5% rise recommended for operating budget

December 22, 1993|By William F. Zorzi Jr. | William F. Zorzi Jr.,Staff Writer

The Maryland General Assembly's special joint Spending Affordability Committee last night recommended that next year's state operating budget grow by 5 percent above current spending levels.

But the recommended $444 million increase in spending -- supported by an estimated increase in tax revenues -- would not allow for any new state programs, according to William S. Ratchford II, the legislature's top fiscal adviser.

The committee also recommended not extending beyond the Dec. 31, 1994, expiration date a 1 percent surtax on wealthy Marylanders -- the result of action taken by the legislature in April 1992 at the height of the state's budget crisis.

Under the law, Marylanders with taxable incomes of $100,000 or more, and couples with combined taxable incomes of $150,000 or more, were pushed into a 6 percent income tax bracket, instead of being taxed at the state's 5 percent rate.

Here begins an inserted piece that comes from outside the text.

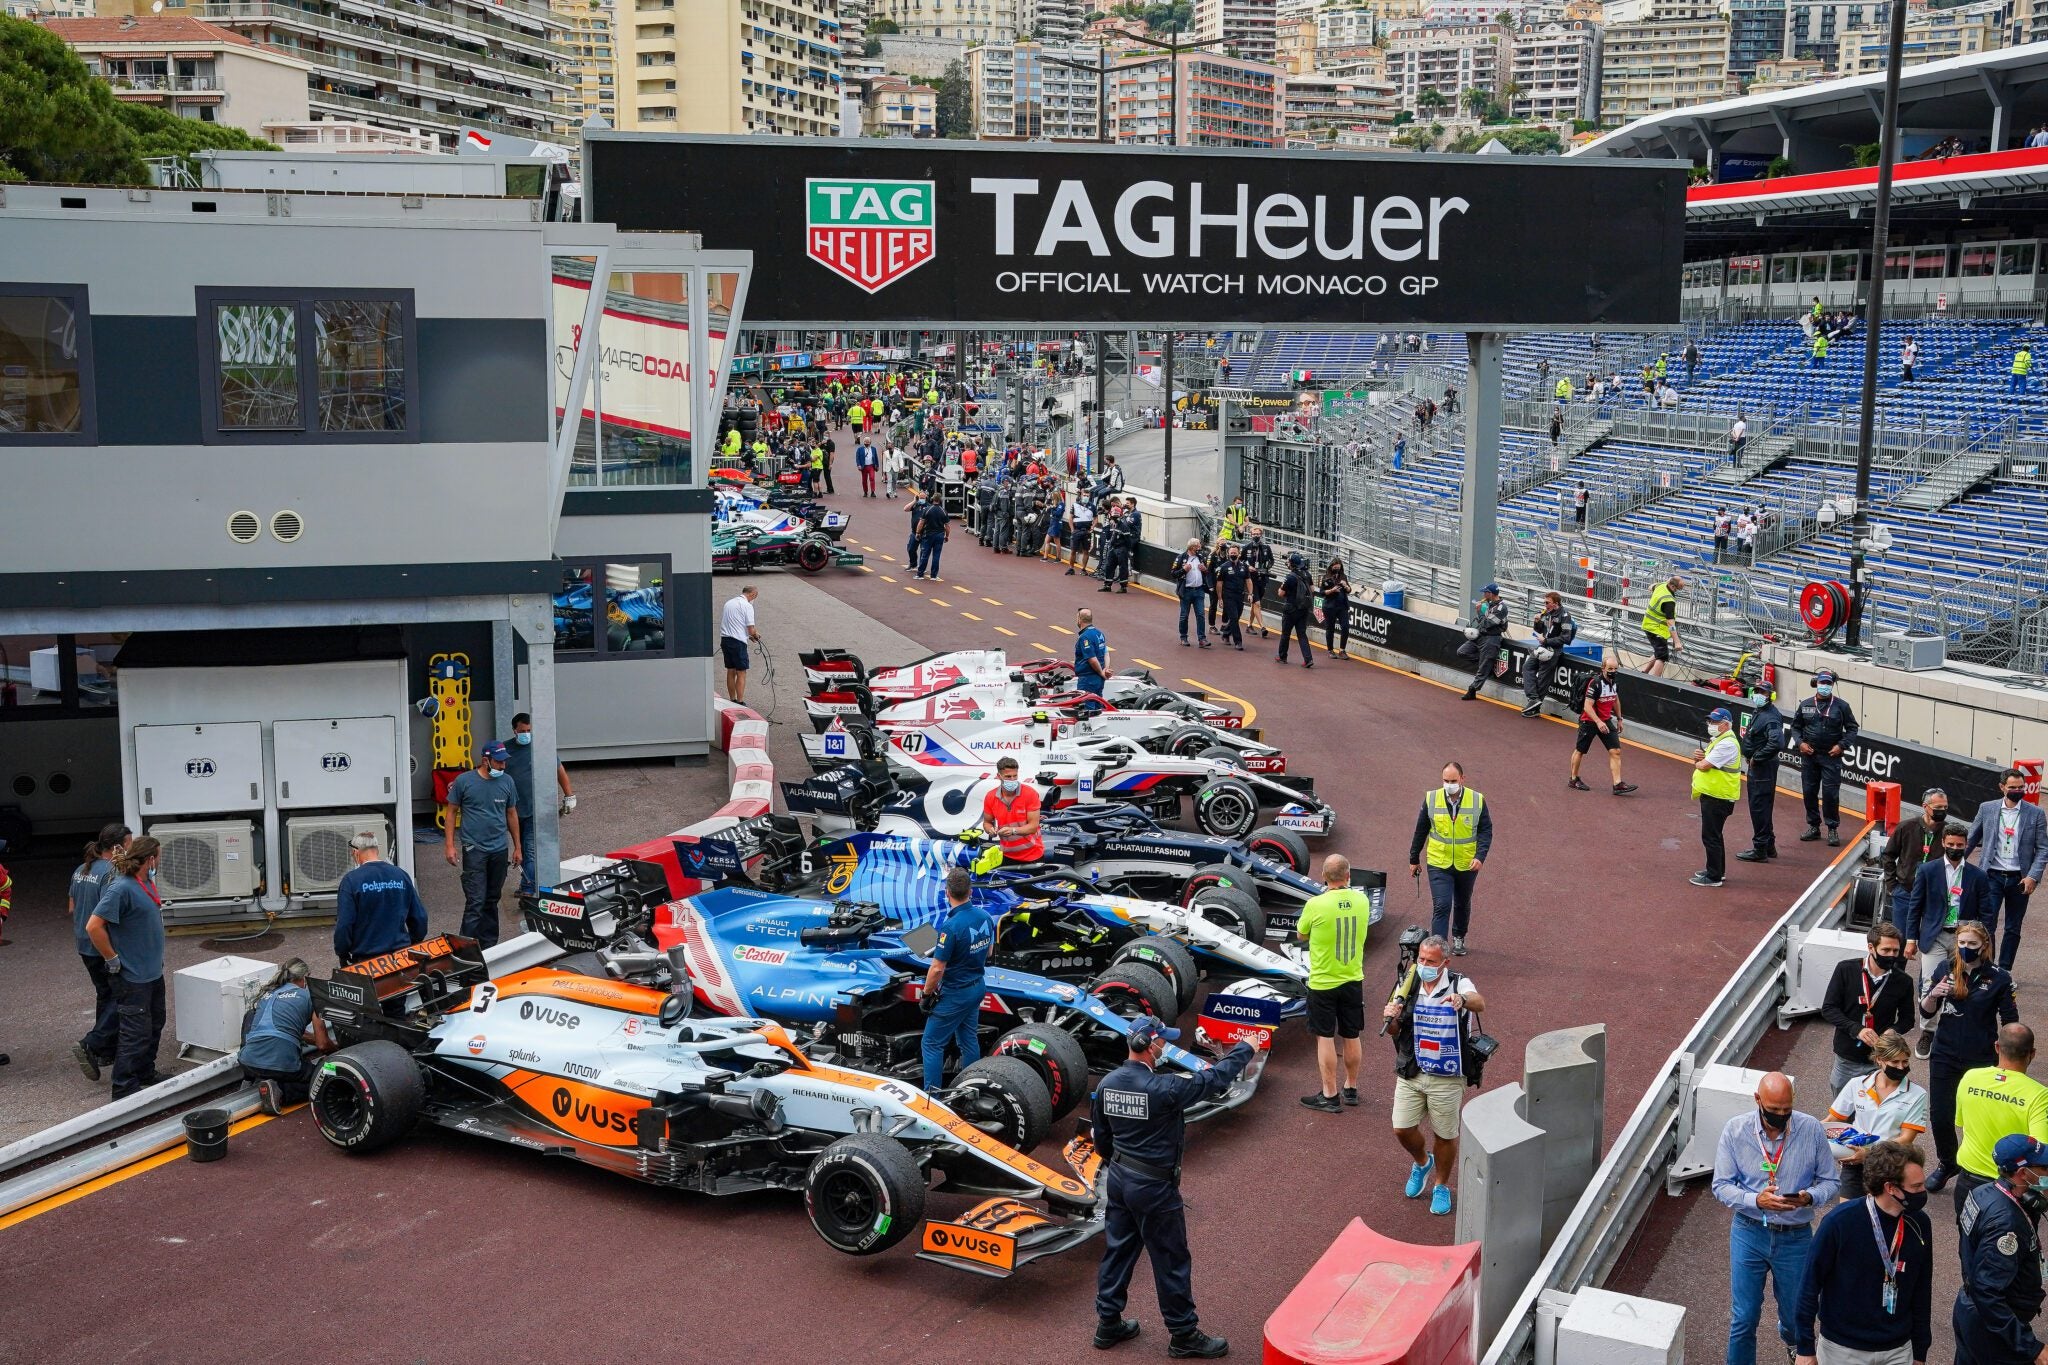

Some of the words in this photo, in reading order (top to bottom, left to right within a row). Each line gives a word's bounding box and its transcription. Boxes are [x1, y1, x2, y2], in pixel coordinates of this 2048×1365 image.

Those affected by the higher tax are the top 1.2 percent of taxpayers, more than 25,000 Marylanders.

In the upcoming session of the General Assembly -- an election year -- legislators are almost sure to let the surtax die, although Gov. William Donald Schaefer apparently has not made a decision on whether to introduce a bill to extend the tax.

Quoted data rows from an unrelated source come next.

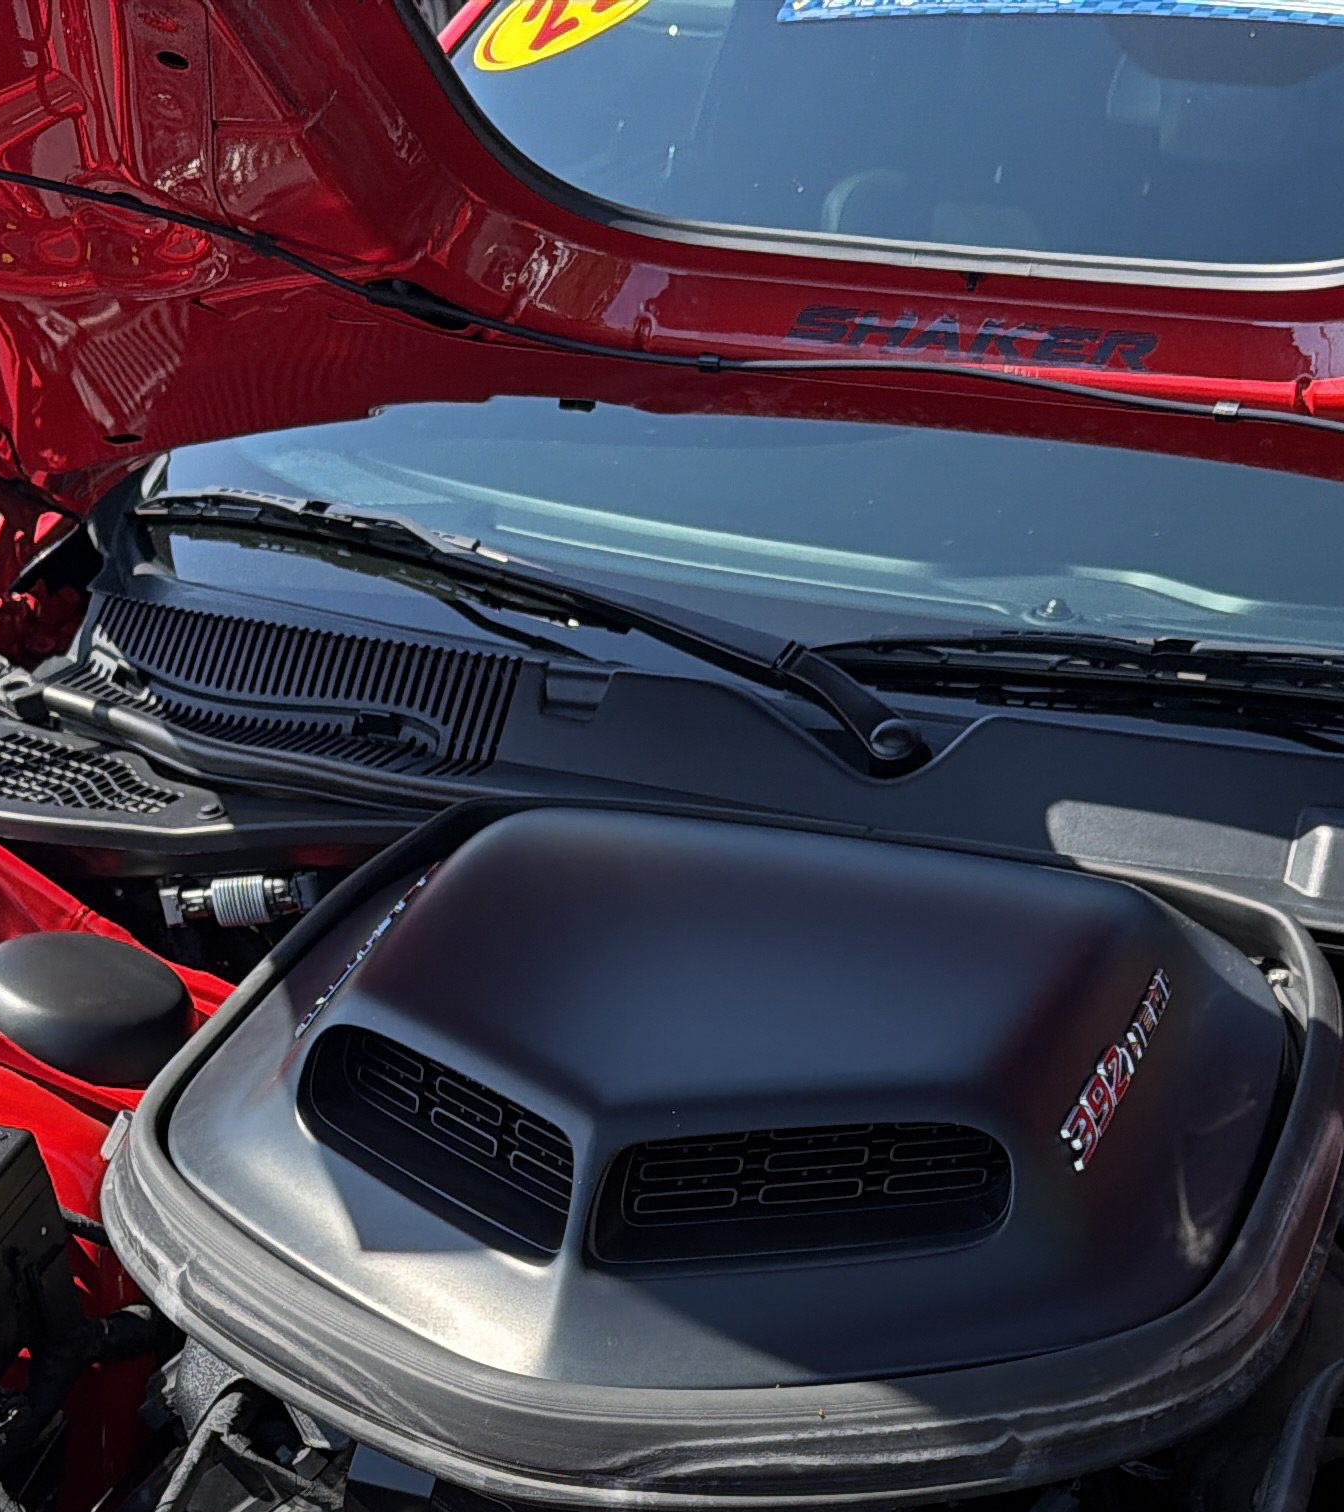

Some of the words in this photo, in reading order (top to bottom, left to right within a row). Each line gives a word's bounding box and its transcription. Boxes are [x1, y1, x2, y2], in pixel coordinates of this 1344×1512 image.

[783, 305, 1158, 373] SHAKER
[1060, 1044, 1135, 1172] 392
[1126, 968, 1172, 1060] HEMI
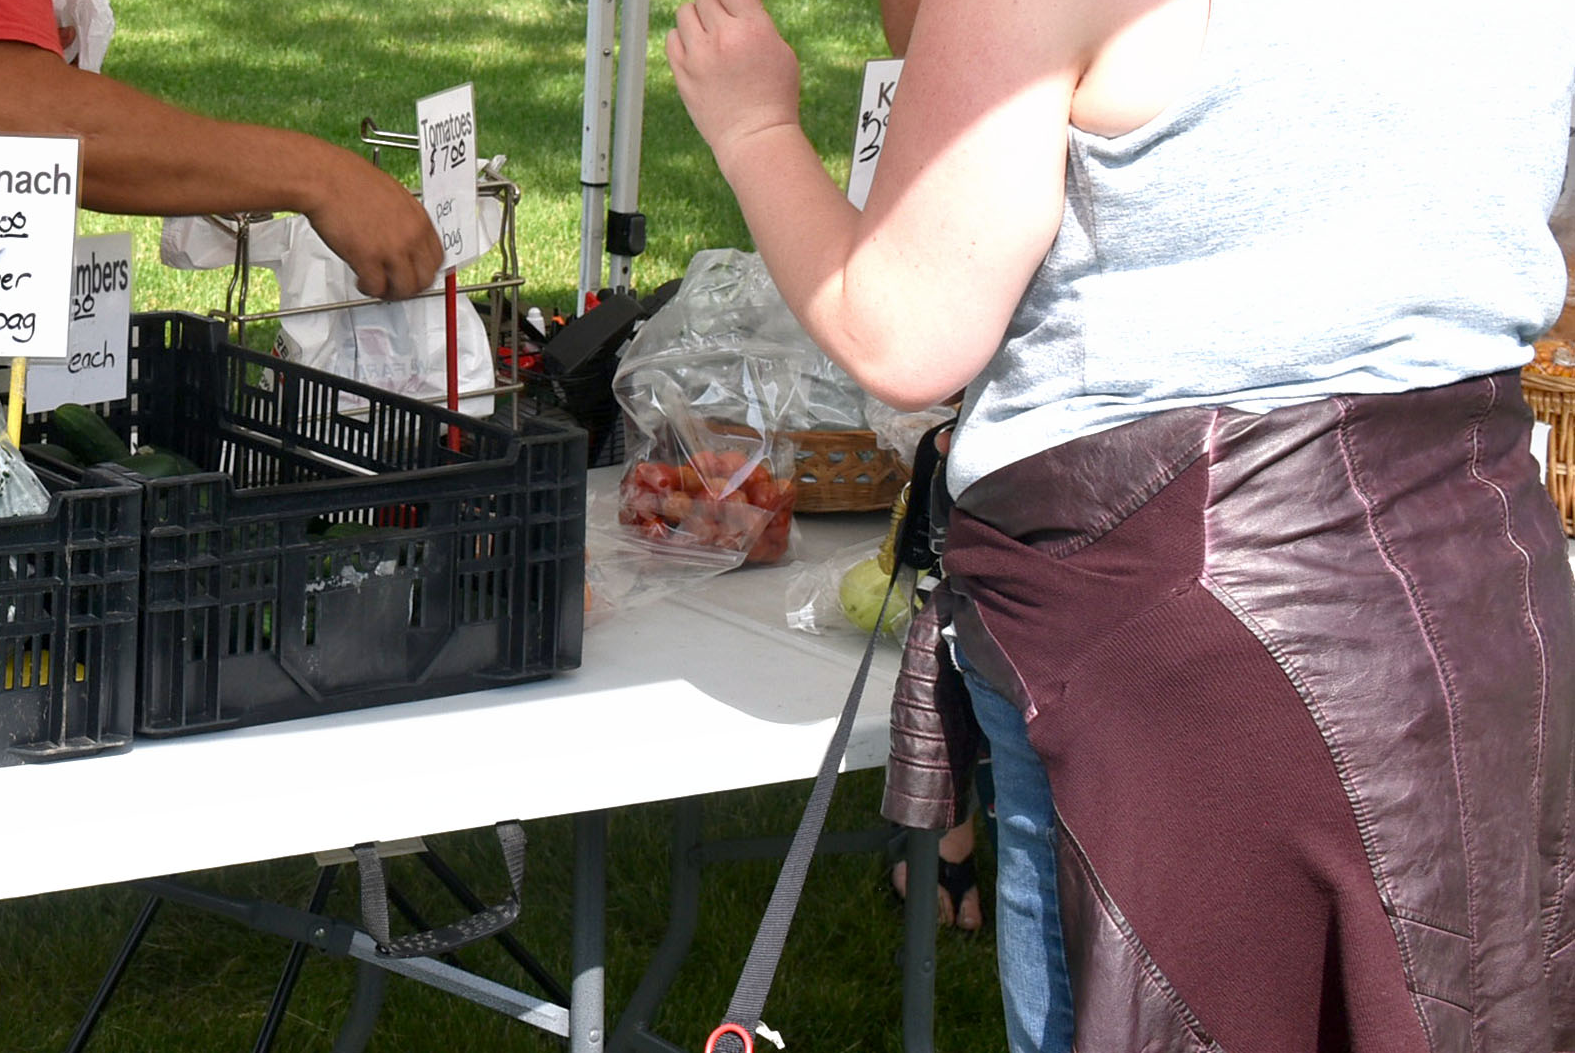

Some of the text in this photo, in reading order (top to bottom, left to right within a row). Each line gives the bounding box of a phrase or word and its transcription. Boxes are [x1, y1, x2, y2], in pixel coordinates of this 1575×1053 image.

[420, 111, 473, 151] Tomatoes
[435, 197, 456, 225] per
[441, 226, 463, 256] bag
[67, 340, 115, 374] each

The recommended 5 percent budget increase would not be enough to cover programs now in place because of new aid mandated for next year, inflation and a 3 percent cost-of-living increase proposed for state employees, who have gone four years without a raise, officials said.

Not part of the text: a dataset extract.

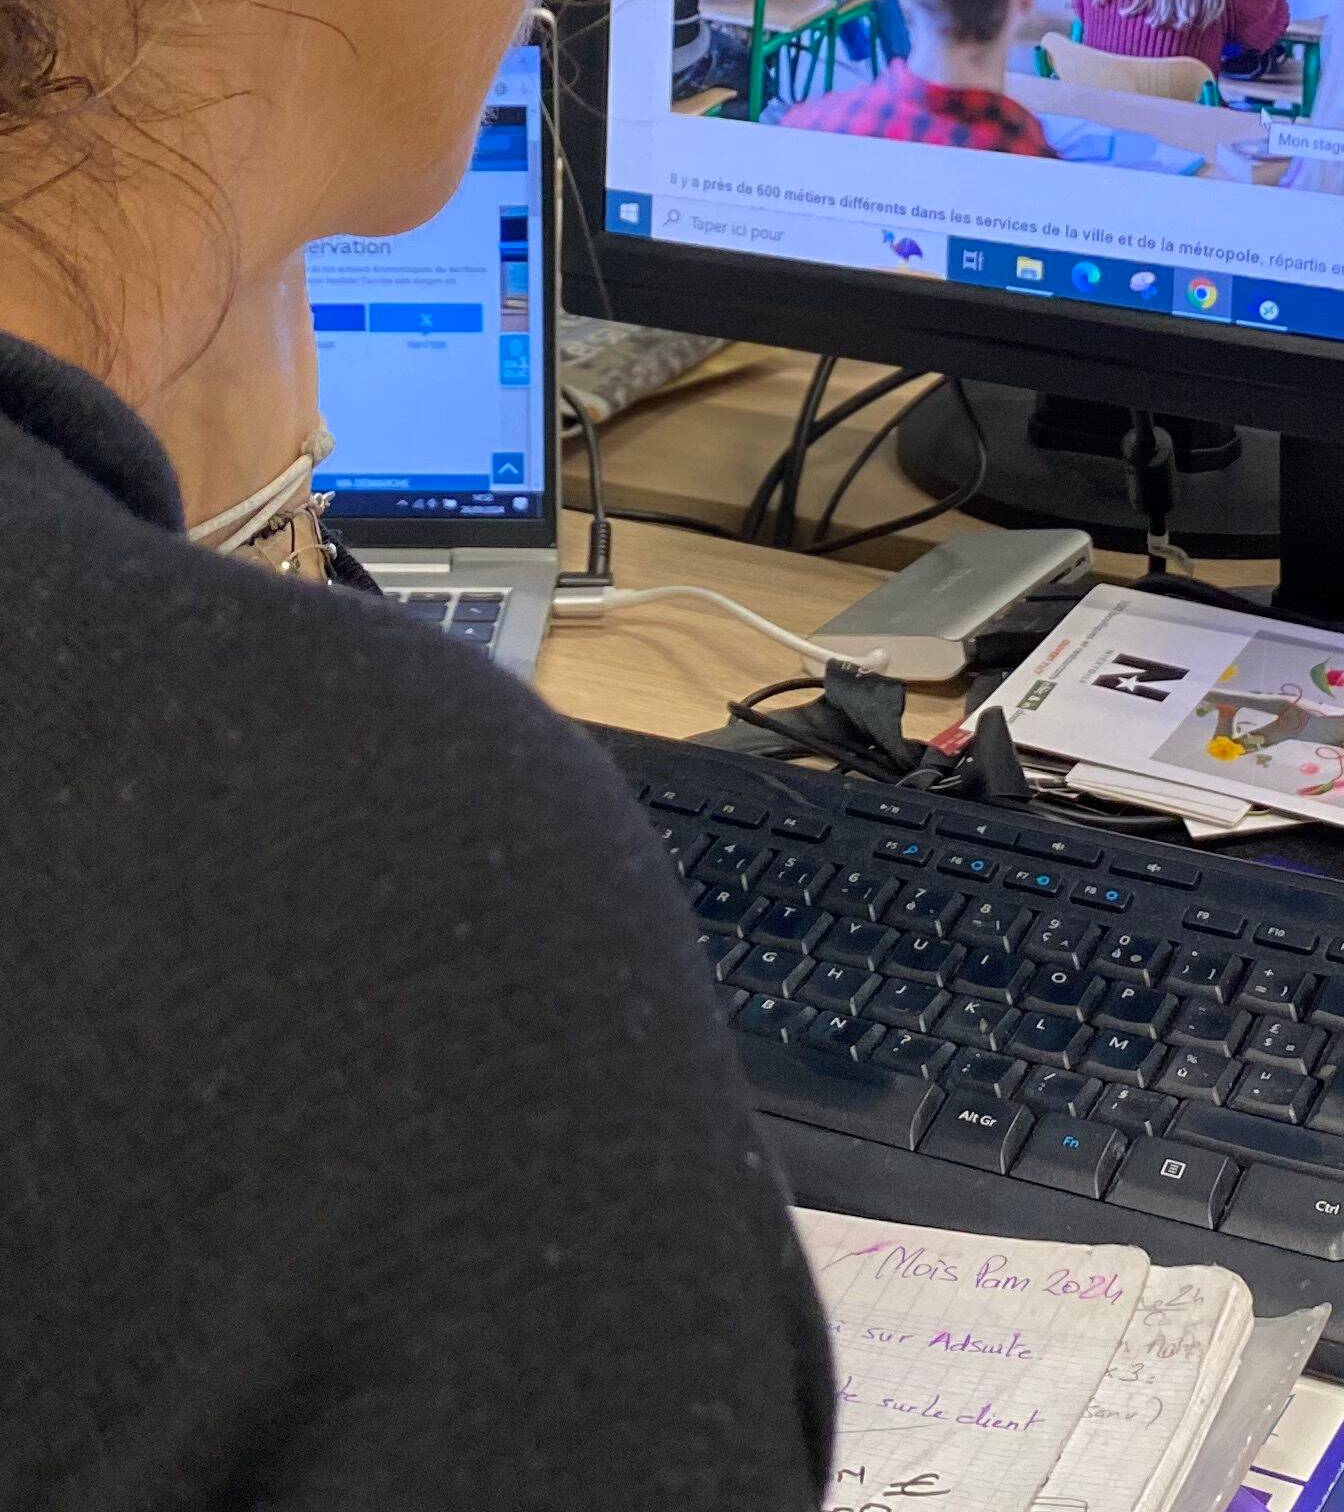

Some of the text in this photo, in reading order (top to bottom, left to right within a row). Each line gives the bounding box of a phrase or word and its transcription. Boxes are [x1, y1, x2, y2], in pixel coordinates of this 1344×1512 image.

Those additional expenditures for next year's estimated baseline budget -- the amount needed to maintain existing programs plus the mandates and pay raises -- would require that $114 million be cut from the operating budget estimate of $9.4 billion, said Mr. Ratchford, director of the legislature's Department of Fiscal Services.

Those figures do not include another $15 million needed to offset more than $100 million in losses from the state employees' health insurance program administered by Maryland Blue Cross and Blue Shield.

"Where am I supposed to find $114 million?" Frederick W. Puddester, Mr. Schaefer's deputy budget secretary, asked after the meeting.

"We'll find it; we'll find it," said Del. Howard P. "Pete" Rawlings, the Baltimore Democrat who chairs the House Appropriations Committee.

But Mr. Rawlings offered no specifics as to where.

The recommendation of the Spending Affordability Committee -- a panel of senators, delegates and four public members -- is not binding on Mr. Schaefer, who will submit his budget to the legislature after it convenes next month. The governor has ignored the committee's recommendation in some years, only to have the legislature cut the budget down to the recommended levels.